Many program managers will recognize ways to reduce the cost of treatment as soon as figures show up in a resource x procedure matrix. The decisions inspired by a resource x procedure matrix are, however, only as good as the data on which they are based. Although estimates such as those made above are enticingly quick and (relatively) easy to generate, their validity is suspect. With so much in the balance, there may be some temptation to bias estimates in favor of one's favorite procedures. It also can be very tempting to underestimate the cost of one's own role in providing treatment. Sometimes one does not realize the presence or strength of this bias.

Although even cost data collected with carefully constructed questionnaires administered by persons not directly involved in treatment can be biased, entirely estimated cost data may be more biased. If cost estimates are used, as in the example developed here, the validity of these estimates needs to be supported -perhaps by collecting some cost data in the more careful, expensive way and comparing the estimated to the observed costs.


CPPOA Research Design


If you have been trained in research design, you may be wondering about the role of research design in CPPOA. The answer is that both experimental and correlational designs can provide useful information for CPPOA.

Experimental CPPOA

Most experimental designs carefully manipulate the procedure part of the CPPOA model, usually presenting different procedures to different patients. Sometimes the procedure to which some patients are assigned is to simply wait, whereas others receive treatment immediately. A random lottery is used to decide which patients should wait and which should receive treatment right away. Outcome measures may be administered to the waiting-list control group, so that researchers can tell how much of the improvement in patients who received actual treatment procedures might be due to (a) the effects of repeatedly administering the same outcome measures and to (b) factors other than treatment procedures.
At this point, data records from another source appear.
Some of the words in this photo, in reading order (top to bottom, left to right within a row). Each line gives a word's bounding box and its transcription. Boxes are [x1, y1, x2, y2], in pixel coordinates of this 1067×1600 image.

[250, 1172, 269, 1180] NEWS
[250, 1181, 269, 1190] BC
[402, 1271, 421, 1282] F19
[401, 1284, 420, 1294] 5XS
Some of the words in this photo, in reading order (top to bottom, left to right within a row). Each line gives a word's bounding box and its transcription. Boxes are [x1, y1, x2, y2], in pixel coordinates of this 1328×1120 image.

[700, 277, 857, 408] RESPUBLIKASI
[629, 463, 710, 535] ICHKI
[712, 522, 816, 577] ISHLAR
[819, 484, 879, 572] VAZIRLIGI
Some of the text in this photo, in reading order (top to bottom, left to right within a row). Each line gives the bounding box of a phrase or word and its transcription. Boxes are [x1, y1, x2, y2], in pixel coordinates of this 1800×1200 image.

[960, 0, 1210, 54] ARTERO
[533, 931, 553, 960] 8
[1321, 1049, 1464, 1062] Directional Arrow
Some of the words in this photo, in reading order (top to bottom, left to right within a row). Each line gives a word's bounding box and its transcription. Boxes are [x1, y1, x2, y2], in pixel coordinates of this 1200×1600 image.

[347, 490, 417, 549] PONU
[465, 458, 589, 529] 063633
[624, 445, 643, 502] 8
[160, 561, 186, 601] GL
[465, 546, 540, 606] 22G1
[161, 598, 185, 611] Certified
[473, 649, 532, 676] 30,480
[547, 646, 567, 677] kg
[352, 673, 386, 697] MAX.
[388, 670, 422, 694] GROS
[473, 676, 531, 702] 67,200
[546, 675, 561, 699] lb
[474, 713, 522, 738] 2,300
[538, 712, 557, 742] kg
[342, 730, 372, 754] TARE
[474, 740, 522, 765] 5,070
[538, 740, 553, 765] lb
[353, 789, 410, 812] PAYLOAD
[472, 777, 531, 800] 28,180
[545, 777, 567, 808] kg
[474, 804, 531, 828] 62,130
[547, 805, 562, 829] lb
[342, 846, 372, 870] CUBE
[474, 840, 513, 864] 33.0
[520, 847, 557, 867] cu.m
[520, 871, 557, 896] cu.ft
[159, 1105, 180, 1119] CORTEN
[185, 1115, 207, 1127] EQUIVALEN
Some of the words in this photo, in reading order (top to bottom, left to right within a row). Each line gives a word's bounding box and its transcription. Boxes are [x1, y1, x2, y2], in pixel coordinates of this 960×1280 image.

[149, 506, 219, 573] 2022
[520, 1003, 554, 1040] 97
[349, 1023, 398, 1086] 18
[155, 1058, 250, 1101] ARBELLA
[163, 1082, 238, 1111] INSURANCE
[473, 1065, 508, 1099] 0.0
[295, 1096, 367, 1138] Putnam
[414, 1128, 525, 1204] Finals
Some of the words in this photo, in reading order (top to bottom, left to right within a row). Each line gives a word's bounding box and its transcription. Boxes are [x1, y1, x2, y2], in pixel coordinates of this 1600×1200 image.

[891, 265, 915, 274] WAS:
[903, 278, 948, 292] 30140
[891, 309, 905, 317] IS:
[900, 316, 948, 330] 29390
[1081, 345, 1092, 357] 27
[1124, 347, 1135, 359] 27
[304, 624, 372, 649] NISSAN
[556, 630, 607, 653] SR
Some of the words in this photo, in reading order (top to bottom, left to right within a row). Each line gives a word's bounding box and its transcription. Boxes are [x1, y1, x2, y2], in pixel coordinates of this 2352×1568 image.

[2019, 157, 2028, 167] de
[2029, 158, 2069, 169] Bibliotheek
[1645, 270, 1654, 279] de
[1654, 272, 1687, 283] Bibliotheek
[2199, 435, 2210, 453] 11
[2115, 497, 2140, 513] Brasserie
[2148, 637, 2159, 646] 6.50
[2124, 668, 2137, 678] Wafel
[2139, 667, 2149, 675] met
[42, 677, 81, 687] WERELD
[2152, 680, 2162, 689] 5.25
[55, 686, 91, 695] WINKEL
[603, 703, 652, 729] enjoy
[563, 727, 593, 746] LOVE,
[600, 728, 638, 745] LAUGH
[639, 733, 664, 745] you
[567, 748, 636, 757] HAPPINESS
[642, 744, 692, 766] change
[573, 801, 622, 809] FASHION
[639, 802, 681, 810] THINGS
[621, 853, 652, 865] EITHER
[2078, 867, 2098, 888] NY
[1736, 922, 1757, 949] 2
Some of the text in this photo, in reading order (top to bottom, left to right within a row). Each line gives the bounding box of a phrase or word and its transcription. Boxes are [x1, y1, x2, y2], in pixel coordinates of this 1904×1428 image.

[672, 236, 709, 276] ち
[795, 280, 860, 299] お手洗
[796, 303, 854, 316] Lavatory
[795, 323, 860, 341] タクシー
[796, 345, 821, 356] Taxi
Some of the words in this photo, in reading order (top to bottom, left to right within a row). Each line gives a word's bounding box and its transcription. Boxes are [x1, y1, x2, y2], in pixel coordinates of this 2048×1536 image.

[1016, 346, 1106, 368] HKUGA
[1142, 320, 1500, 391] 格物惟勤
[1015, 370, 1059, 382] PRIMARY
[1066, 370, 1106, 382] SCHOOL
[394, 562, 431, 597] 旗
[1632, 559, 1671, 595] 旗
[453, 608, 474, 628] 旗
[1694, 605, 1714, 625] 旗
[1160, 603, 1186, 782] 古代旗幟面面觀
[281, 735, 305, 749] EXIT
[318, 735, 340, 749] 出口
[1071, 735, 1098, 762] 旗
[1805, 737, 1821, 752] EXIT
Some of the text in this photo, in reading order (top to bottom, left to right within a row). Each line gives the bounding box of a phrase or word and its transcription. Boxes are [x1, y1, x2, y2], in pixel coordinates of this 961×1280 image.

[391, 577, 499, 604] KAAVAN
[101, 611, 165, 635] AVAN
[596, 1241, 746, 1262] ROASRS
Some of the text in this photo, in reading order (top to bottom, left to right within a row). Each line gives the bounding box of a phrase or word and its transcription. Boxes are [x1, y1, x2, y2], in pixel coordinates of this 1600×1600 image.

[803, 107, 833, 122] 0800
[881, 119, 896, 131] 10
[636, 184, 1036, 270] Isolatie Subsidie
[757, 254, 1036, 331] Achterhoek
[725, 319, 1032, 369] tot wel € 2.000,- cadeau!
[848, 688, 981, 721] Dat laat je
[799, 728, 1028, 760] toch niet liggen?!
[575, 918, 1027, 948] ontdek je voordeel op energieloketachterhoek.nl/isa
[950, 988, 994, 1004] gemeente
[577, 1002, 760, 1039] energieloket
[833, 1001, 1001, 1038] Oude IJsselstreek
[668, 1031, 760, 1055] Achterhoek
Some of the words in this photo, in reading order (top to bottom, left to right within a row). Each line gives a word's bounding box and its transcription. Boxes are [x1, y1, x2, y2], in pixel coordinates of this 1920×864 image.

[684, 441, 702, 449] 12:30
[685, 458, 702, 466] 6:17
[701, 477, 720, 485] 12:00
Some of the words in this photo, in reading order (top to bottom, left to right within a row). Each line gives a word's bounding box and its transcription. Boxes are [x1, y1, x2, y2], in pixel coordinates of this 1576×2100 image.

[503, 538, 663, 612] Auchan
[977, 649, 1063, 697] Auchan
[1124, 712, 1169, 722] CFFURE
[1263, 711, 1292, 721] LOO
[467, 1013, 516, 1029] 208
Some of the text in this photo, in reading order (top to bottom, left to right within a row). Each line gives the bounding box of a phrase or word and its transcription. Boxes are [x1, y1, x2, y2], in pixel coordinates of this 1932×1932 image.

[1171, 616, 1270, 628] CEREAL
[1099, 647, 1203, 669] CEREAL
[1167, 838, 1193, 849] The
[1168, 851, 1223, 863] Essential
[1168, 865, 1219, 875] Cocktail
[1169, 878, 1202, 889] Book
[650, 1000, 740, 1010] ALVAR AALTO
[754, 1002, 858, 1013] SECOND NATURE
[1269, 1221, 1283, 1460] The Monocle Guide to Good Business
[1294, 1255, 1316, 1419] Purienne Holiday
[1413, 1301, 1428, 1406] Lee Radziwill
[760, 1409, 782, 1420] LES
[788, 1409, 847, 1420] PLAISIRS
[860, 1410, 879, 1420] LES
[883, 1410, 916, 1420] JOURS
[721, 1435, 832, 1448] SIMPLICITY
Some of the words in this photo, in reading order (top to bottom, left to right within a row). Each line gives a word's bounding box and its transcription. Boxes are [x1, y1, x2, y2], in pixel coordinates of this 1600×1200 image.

In variations of this experimental design, patients may be assigned randomly to treatment procedures that begin after different delays. Sometimes entirely different procedures are compared for effectiveness; sometimes different mixtures of procedures are compared.

Correlational Designs and CPPOA

In some treatment settings, it makes sense to assign patients to short-term waiting lists; sometimes there is more demand for services than there are services available. In some programs, too, the procedures have not yet been proven to be effective and need to be tested before being used with many patients. In most programs, however, all patients must receive treatment immediately. Patients sometimes can be assigned randomly to different groups of treatment procedures, such as usual treatment versus new experimental treatment.

Often, patients receive mixtures of treatment procedures that have been carefully tailored to their individual needs, problems, and financial and employment situations. In these circumstances, CPPOA becomes a correlational rather than an experimental analysis. Correlational analyses can accurately describe cost-effectiveness and cost-benefit relationships and can provide the basis for systematic improvement. Sophisticated statistical techniques, as well as tables and graphs, can be used to explore the strength of relationships between costs, procedures, processes, and outcomes.